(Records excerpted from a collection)
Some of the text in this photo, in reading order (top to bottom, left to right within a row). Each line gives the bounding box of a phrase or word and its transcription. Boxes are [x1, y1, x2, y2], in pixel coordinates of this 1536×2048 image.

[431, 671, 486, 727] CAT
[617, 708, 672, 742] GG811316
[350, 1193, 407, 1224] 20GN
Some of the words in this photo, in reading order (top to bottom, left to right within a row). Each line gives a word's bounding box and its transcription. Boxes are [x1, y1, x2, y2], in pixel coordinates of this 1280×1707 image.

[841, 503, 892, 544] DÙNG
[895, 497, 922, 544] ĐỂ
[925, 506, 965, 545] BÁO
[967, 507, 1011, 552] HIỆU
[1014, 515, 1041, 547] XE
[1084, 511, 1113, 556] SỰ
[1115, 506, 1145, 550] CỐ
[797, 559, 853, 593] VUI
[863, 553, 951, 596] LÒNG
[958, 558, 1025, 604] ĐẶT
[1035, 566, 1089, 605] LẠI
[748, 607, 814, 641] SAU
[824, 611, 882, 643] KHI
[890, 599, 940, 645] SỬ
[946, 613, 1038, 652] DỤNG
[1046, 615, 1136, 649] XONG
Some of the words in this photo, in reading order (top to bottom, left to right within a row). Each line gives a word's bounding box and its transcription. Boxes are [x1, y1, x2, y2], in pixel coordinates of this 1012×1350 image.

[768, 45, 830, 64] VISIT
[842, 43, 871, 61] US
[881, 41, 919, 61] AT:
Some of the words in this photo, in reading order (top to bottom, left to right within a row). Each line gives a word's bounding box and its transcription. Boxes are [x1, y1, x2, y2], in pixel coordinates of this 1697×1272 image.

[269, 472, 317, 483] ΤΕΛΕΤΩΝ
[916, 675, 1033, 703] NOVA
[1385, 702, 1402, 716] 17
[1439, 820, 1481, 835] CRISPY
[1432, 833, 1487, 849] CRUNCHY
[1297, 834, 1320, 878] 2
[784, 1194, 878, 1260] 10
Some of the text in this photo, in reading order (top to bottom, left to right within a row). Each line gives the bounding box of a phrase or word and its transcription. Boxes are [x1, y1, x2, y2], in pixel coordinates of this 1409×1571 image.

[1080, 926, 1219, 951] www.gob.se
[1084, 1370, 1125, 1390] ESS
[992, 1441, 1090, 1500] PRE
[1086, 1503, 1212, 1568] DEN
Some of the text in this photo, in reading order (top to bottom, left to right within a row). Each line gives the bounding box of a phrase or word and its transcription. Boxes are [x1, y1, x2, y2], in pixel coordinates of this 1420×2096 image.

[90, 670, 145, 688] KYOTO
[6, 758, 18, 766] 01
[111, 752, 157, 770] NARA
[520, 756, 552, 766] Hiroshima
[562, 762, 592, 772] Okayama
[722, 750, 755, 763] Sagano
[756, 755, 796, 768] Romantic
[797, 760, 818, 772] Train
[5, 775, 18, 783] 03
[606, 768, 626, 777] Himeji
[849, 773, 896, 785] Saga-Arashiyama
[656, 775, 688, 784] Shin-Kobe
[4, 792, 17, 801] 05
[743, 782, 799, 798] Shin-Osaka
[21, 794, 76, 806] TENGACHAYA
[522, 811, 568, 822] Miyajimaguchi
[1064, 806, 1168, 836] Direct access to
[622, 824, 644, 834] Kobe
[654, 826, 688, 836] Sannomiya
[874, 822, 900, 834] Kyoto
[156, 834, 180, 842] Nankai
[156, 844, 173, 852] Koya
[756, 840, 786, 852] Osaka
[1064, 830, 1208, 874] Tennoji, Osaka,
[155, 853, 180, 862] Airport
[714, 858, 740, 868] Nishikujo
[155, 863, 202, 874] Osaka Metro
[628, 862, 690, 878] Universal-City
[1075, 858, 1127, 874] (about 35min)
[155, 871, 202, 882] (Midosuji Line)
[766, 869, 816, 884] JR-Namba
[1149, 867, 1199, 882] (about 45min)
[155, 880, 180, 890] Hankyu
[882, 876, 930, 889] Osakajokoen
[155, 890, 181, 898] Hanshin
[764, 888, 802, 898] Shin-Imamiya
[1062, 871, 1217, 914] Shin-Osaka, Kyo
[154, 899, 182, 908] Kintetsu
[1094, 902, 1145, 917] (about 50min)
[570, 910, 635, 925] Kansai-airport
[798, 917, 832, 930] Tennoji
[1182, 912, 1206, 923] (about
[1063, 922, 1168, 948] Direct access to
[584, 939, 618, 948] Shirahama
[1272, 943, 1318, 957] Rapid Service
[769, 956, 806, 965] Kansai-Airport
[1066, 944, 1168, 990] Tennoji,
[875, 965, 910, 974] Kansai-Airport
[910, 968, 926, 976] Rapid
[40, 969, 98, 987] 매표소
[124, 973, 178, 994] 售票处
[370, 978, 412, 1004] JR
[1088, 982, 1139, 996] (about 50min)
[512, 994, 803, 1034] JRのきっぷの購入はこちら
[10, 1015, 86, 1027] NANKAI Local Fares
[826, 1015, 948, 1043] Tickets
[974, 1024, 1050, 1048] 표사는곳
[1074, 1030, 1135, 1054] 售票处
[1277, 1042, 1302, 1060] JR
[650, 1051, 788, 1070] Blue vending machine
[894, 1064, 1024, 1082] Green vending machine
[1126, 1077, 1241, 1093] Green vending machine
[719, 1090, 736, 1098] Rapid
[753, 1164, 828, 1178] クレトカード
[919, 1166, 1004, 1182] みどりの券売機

--- WHAT THE TASK ASKS ---
Each entry above is to be duplicated exactly, with nothing left out.

--- EXPECTED ANSWER ---
Some of the text in this photo, in reading order (top to bottom, left to right within a row). Each line gives the bounding box of a phrase or word and its transcription. Boxes are [x1, y1, x2, y2], in pixel coordinates of this 1536×2048 image.

[431, 671, 486, 727] CAT
[617, 708, 672, 742] GG811316
[350, 1193, 407, 1224] 20GN
Some of the words in this photo, in reading order (top to bottom, left to right within a row). Each line gives a word's bounding box and its transcription. Boxes are [x1, y1, x2, y2], in pixel coordinates of this 1280×1707 image.

[841, 503, 892, 544] DÙNG
[895, 497, 922, 544] ĐỂ
[925, 506, 965, 545] BÁO
[967, 507, 1011, 552] HIỆU
[1014, 515, 1041, 547] XE
[1084, 511, 1113, 556] SỰ
[1115, 506, 1145, 550] CỐ
[797, 559, 853, 593] VUI
[863, 553, 951, 596] LÒNG
[958, 558, 1025, 604] ĐẶT
[1035, 566, 1089, 605] LẠI
[748, 607, 814, 641] SAU
[824, 611, 882, 643] KHI
[890, 599, 940, 645] SỬ
[946, 613, 1038, 652] DỤNG
[1046, 615, 1136, 649] XONG
Some of the words in this photo, in reading order (top to bottom, left to right within a row). Each line gives a word's bounding box and its transcription. Boxes are [x1, y1, x2, y2], in pixel coordinates of this 1012×1350 image.

[768, 45, 830, 64] VISIT
[842, 43, 871, 61] US
[881, 41, 919, 61] AT:
Some of the words in this photo, in reading order (top to bottom, left to right within a row). Each line gives a word's bounding box and its transcription. Boxes are [x1, y1, x2, y2], in pixel coordinates of this 1697×1272 image.

[269, 472, 317, 483] ΤΕΛΕΤΩΝ
[916, 675, 1033, 703] NOVA
[1385, 702, 1402, 716] 17
[1439, 820, 1481, 835] CRISPY
[1432, 833, 1487, 849] CRUNCHY
[1297, 834, 1320, 878] 2
[784, 1194, 878, 1260] 10
Some of the text in this photo, in reading order (top to bottom, left to right within a row). Each line gives the bounding box of a phrase or word and its transcription. Boxes are [x1, y1, x2, y2], in pixel coordinates of this 1409×1571 image.

[1080, 926, 1219, 951] www.gob.se
[1084, 1370, 1125, 1390] ESS
[992, 1441, 1090, 1500] PRE
[1086, 1503, 1212, 1568] DEN
Some of the text in this photo, in reading order (top to bottom, left to right within a row). Each line gives the bounding box of a phrase or word and its transcription. Boxes are [x1, y1, x2, y2], in pixel coordinates of this 1420×2096 image.

[90, 670, 145, 688] KYOTO
[6, 758, 18, 766] 01
[111, 752, 157, 770] NARA
[520, 756, 552, 766] Hiroshima
[562, 762, 592, 772] Okayama
[722, 750, 755, 763] Sagano
[756, 755, 796, 768] Romantic
[797, 760, 818, 772] Train
[5, 775, 18, 783] 03
[606, 768, 626, 777] Himeji
[849, 773, 896, 785] Saga-Arashiyama
[656, 775, 688, 784] Shin-Kobe
[4, 792, 17, 801] 05
[743, 782, 799, 798] Shin-Osaka
[21, 794, 76, 806] TENGACHAYA
[522, 811, 568, 822] Miyajimaguchi
[1064, 806, 1168, 836] Direct access to
[622, 824, 644, 834] Kobe
[654, 826, 688, 836] Sannomiya
[874, 822, 900, 834] Kyoto
[156, 834, 180, 842] Nankai
[156, 844, 173, 852] Koya
[756, 840, 786, 852] Osaka
[1064, 830, 1208, 874] Tennoji, Osaka,
[155, 853, 180, 862] Airport
[714, 858, 740, 868] Nishikujo
[155, 863, 202, 874] Osaka Metro
[628, 862, 690, 878] Universal-City
[1075, 858, 1127, 874] (about 35min)
[155, 871, 202, 882] (Midosuji Line)
[766, 869, 816, 884] JR-Namba
[1149, 867, 1199, 882] (about 45min)
[155, 880, 180, 890] Hankyu
[882, 876, 930, 889] Osakajokoen
[155, 890, 181, 898] Hanshin
[764, 888, 802, 898] Shin-Imamiya
[1062, 871, 1217, 914] Shin-Osaka, Kyo
[154, 899, 182, 908] Kintetsu
[1094, 902, 1145, 917] (about 50min)
[570, 910, 635, 925] Kansai-airport
[798, 917, 832, 930] Tennoji
[1182, 912, 1206, 923] (about
[1063, 922, 1168, 948] Direct access to
[584, 939, 618, 948] Shirahama
[1272, 943, 1318, 957] Rapid Service
[769, 956, 806, 965] Kansai-Airport
[1066, 944, 1168, 990] Tennoji,
[875, 965, 910, 974] Kansai-Airport
[910, 968, 926, 976] Rapid
[40, 969, 98, 987] 매표소
[124, 973, 178, 994] 售票处
[370, 978, 412, 1004] JR
[1088, 982, 1139, 996] (about 50min)
[512, 994, 803, 1034] JRのきっぷの購入はこちら
[10, 1015, 86, 1027] NANKAI Local Fares
[826, 1015, 948, 1043] Tickets
[974, 1024, 1050, 1048] 표사는곳
[1074, 1030, 1135, 1054] 售票处
[1277, 1042, 1302, 1060] JR
[650, 1051, 788, 1070] Blue vending machine
[894, 1064, 1024, 1082] Green vending machine
[1126, 1077, 1241, 1093] Green vending machine
[719, 1090, 736, 1098] Rapid
[753, 1164, 828, 1178] クレトカード
[919, 1166, 1004, 1182] みどりの券売機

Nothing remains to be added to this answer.